Here is my proposed solution. It is not the fastest, but should be quick (after preparation), use only modest memory, and be "fairly well-distributed". This is, of course, 100% untested and somewhat complex (as complex as maintain a RB-tree or similar, anyway) -- I pitty one for having to use C ;-)

For each directory in the target domain, build a directory tree using a depth-first walk of the filesystem and record the "before" file count (files found to date, in tree) and the "after" file count (the "before" count plus the number of files in directory). It should not store the files themselves. Fast way to find the number of files gives some example C code. It still requires iteration of the directory contents but does not need to store the files themselves.
Count up the total number of files in the tree. (This should really just be the "after" count of the last node in the tree.)
Pick a random number in the range [0, max files).
Navigate to the node in the tree such that the "before" file count <= random number < "after" file count. This is just walking down the (RB-)tree structure and is itself O(lg n) or similar.
Pick a random file in the directory associated with the selected node -- make sure to count the directory again and use this as the [0, limit] in the selection (with a fallback in case of running-off-the-end due to concurrency issues). If the number of files changed, make sure to update the tree with such information. Also update/fix the tree if the directory has been deleted, etc. (The extra full count here shouldn't be as bad as it sounds, as readdir (on average) must already be navigated through 1/2 the entries in the directory. However, the benefit of the re-count, if any, should be explored.)
Repeat steps 2-5 as needed.

Periodically rebuild the entire tree (step #1) to account for filesystems changes. Deleting/adding files will slowly skew the randomness -- step #5 can help to update the tree in certain situations. The frequency of rebuild should be determined through experimentation. It might also be possible to reduce the error introduction with rebuilding the parent/grandparent nodes or [random] child nodes each pass, etc. Using the modified time as a fast way to detect changes may also be worth looking into.

Happy coding.

All you should know is how many files are in each directory in order to pick directory in which you should traverse. Avoid traversing over symbolic links and counting files in symbolic links.

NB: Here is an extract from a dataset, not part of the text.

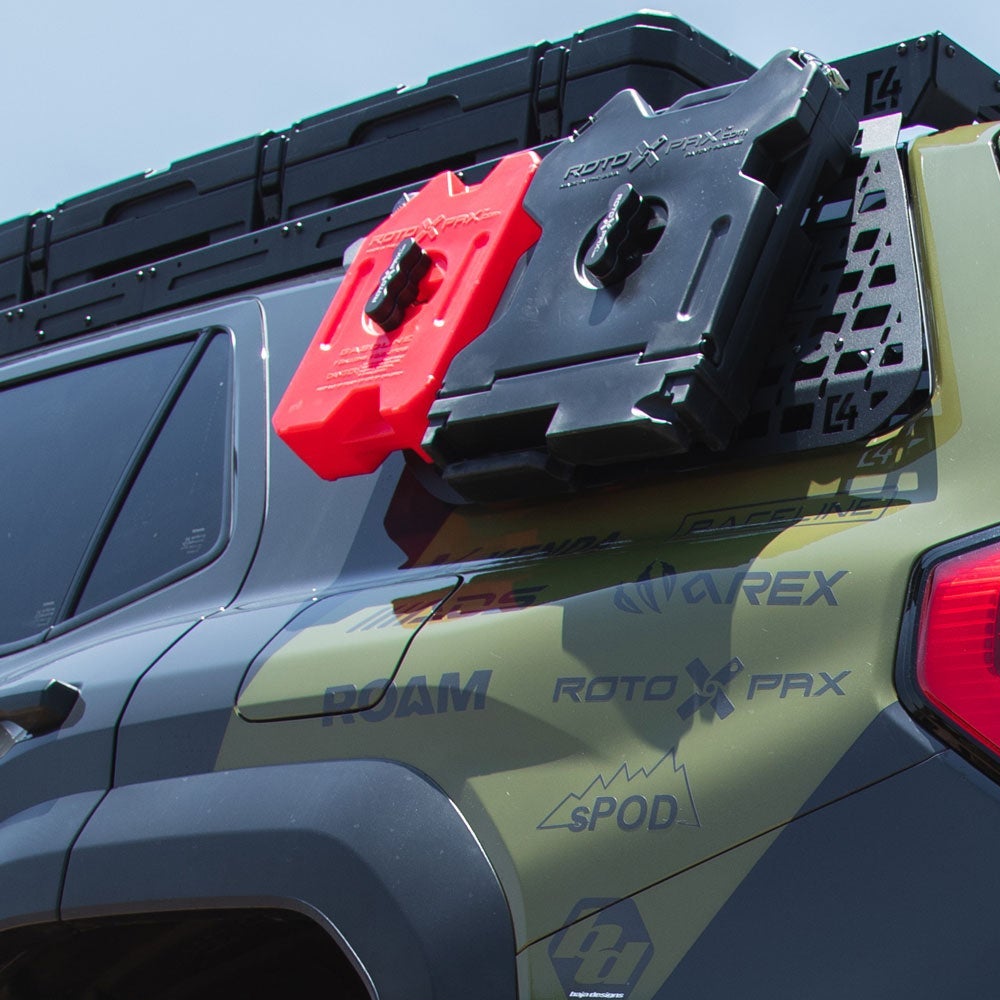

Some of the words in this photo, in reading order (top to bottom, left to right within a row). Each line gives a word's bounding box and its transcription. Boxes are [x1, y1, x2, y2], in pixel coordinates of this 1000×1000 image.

You can use similar solution as pst described.

Example you have 3 directories and there are 20,40 and 1000 files in each. You make total [20,60,1060] and you pick random number 0-1060. if this number if greater or equal 60 you go 3rd folder.

You stop traversing once you reach folder whitout folders.

To find random file trough this path you can apply same trick as before.

This way you will pick any file whit equal probability.